(Input records Opens)

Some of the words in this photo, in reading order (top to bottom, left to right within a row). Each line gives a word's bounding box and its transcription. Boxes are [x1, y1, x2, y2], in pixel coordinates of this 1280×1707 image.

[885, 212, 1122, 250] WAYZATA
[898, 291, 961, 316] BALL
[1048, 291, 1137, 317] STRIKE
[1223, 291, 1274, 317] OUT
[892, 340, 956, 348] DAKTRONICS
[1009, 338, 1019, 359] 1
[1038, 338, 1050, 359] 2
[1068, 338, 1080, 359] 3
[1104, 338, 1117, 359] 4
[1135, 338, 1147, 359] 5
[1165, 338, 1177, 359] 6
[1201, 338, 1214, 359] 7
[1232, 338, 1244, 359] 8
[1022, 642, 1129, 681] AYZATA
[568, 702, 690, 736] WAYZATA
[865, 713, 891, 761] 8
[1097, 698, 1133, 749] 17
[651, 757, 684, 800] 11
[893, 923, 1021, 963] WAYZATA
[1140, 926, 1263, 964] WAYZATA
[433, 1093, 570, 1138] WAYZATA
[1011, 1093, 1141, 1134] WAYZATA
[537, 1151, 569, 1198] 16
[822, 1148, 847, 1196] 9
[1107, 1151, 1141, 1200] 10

(Input records Closes)

Repeat the data above in full, word for word.

Some of the words in this photo, in reading order (top to bottom, left to right within a row). Each line gives a word's bounding box and its transcription. Boxes are [x1, y1, x2, y2], in pixel coordinates of this 1280×1707 image.

[885, 212, 1122, 250] WAYZATA
[898, 291, 961, 316] BALL
[1048, 291, 1137, 317] STRIKE
[1223, 291, 1274, 317] OUT
[892, 340, 956, 348] DAKTRONICS
[1009, 338, 1019, 359] 1
[1038, 338, 1050, 359] 2
[1068, 338, 1080, 359] 3
[1104, 338, 1117, 359] 4
[1135, 338, 1147, 359] 5
[1165, 338, 1177, 359] 6
[1201, 338, 1214, 359] 7
[1232, 338, 1244, 359] 8
[1022, 642, 1129, 681] AYZATA
[568, 702, 690, 736] WAYZATA
[865, 713, 891, 761] 8
[1097, 698, 1133, 749] 17
[651, 757, 684, 800] 11
[893, 923, 1021, 963] WAYZATA
[1140, 926, 1263, 964] WAYZATA
[433, 1093, 570, 1138] WAYZATA
[1011, 1093, 1141, 1134] WAYZATA
[537, 1151, 569, 1198] 16
[822, 1148, 847, 1196] 9
[1107, 1151, 1141, 1200] 10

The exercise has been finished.